_ACTIVITY:_
Transcribe the entries below with complete accuracy, excluding the pictures.

§ §

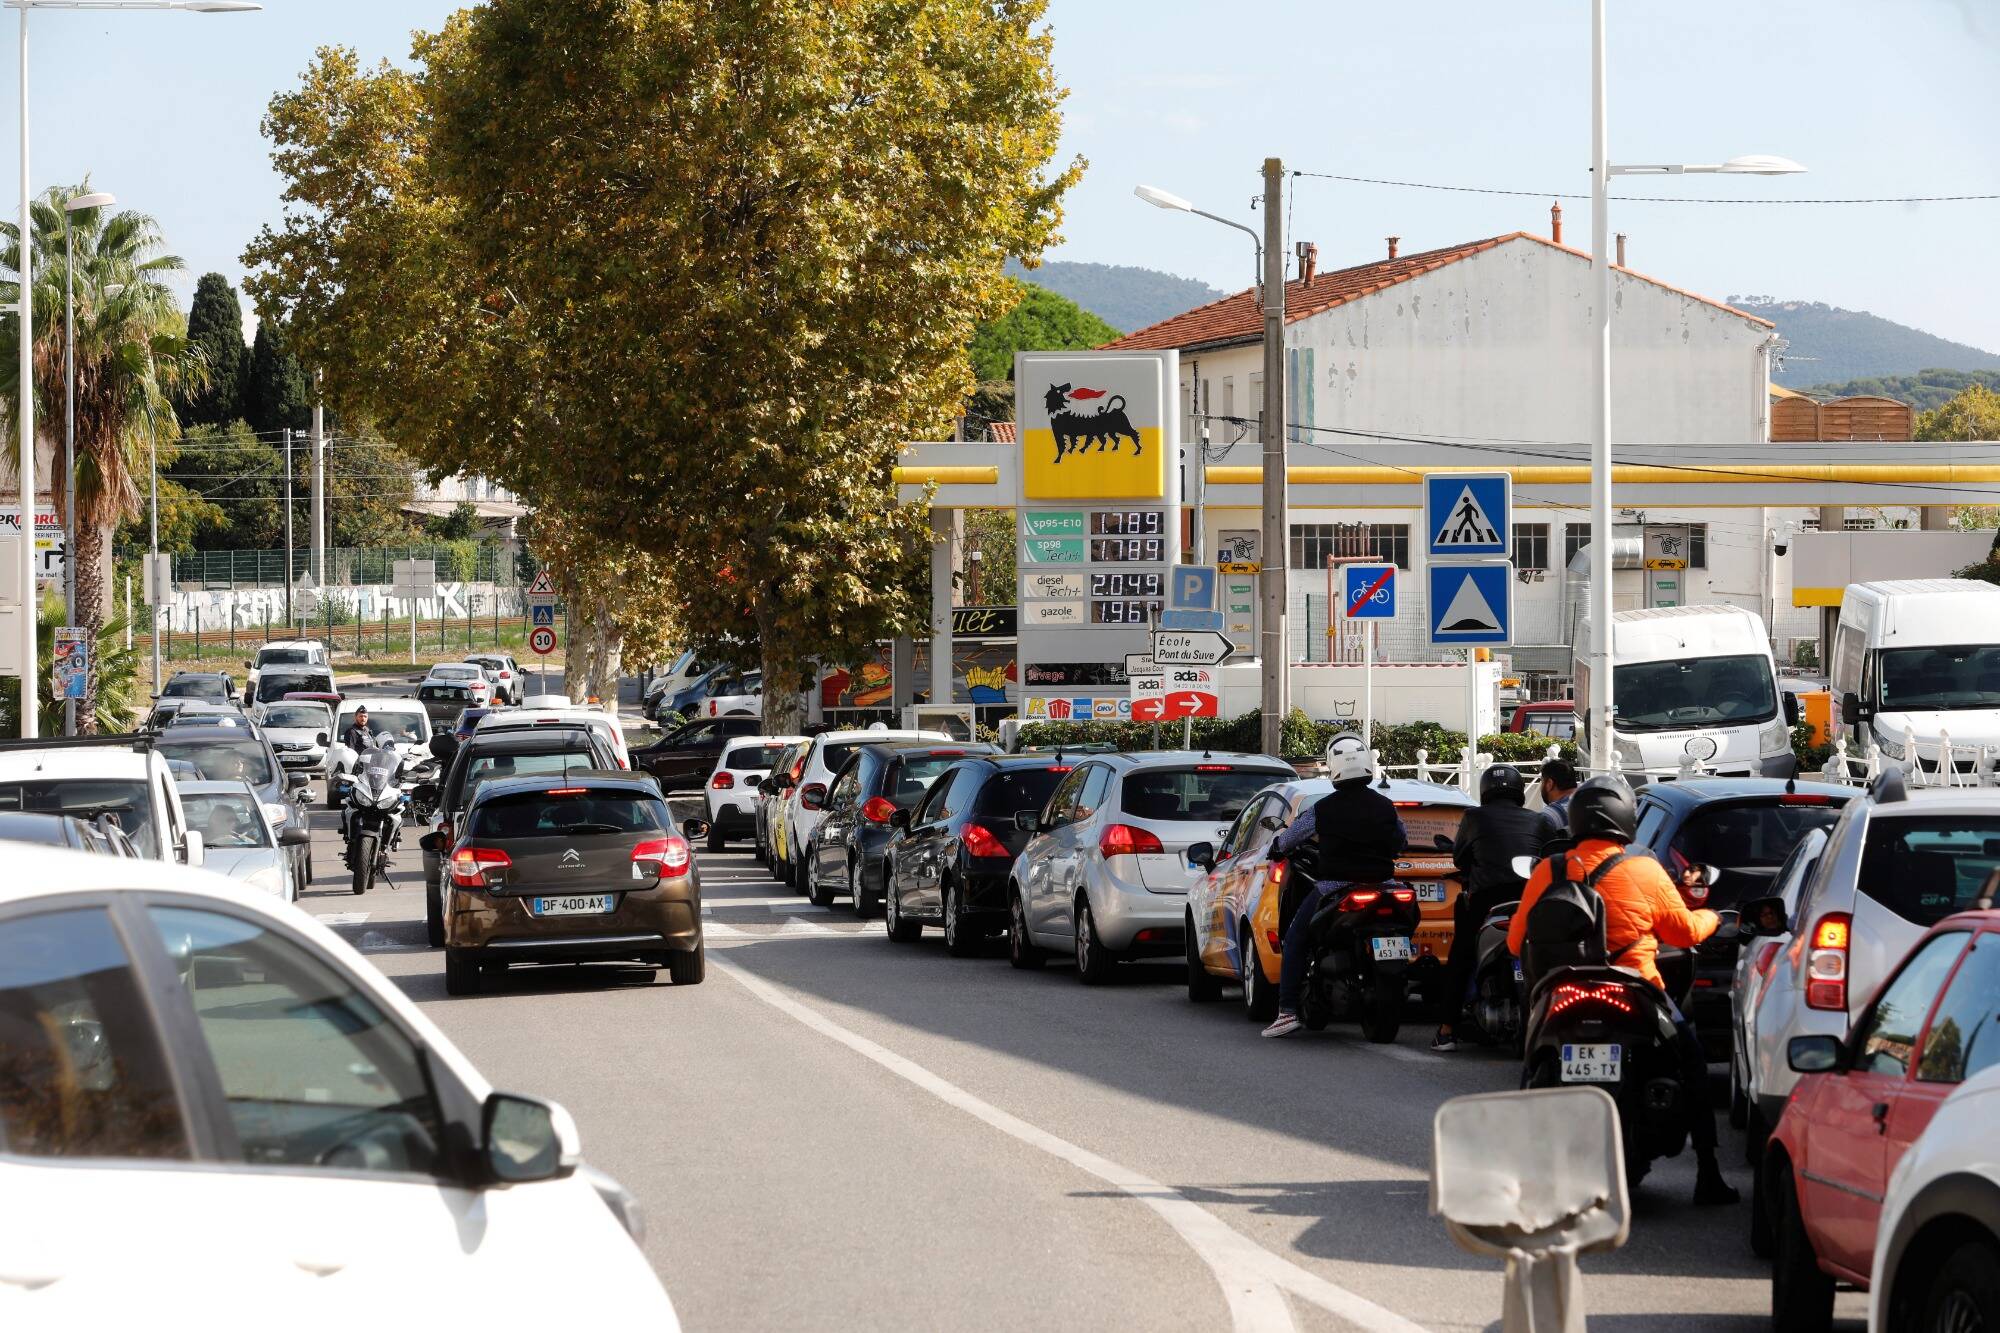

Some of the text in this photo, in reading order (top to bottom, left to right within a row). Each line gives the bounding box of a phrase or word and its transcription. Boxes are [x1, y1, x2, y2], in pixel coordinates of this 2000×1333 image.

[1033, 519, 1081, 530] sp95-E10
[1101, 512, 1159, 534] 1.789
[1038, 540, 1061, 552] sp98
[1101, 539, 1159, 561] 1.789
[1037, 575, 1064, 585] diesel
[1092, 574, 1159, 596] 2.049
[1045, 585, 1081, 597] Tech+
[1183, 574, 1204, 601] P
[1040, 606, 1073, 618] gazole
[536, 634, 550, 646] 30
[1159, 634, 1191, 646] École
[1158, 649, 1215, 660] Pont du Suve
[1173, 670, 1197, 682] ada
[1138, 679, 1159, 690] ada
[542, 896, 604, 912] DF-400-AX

§ §

_SOLVED PROBLEM:_
Some of the text in this photo, in reading order (top to bottom, left to right within a row). Each line gives the bounding box of a phrase or word and its transcription. Boxes are [x1, y1, x2, y2], in pixel coordinates of this 2000×1333 image.

[1033, 519, 1081, 530] sp95-E10
[1101, 512, 1159, 534] 1.789
[1038, 540, 1061, 552] sp98
[1101, 539, 1159, 561] 1.789
[1037, 575, 1064, 585] diesel
[1092, 574, 1159, 596] 2.049
[1045, 585, 1081, 597] Tech+
[1183, 574, 1204, 601] P
[1040, 606, 1073, 618] gazole
[536, 634, 550, 646] 30
[1159, 634, 1191, 646] École
[1158, 649, 1215, 660] Pont du Suve
[1173, 670, 1197, 682] ada
[1138, 679, 1159, 690] ada
[542, 896, 604, 912] DF-400-AX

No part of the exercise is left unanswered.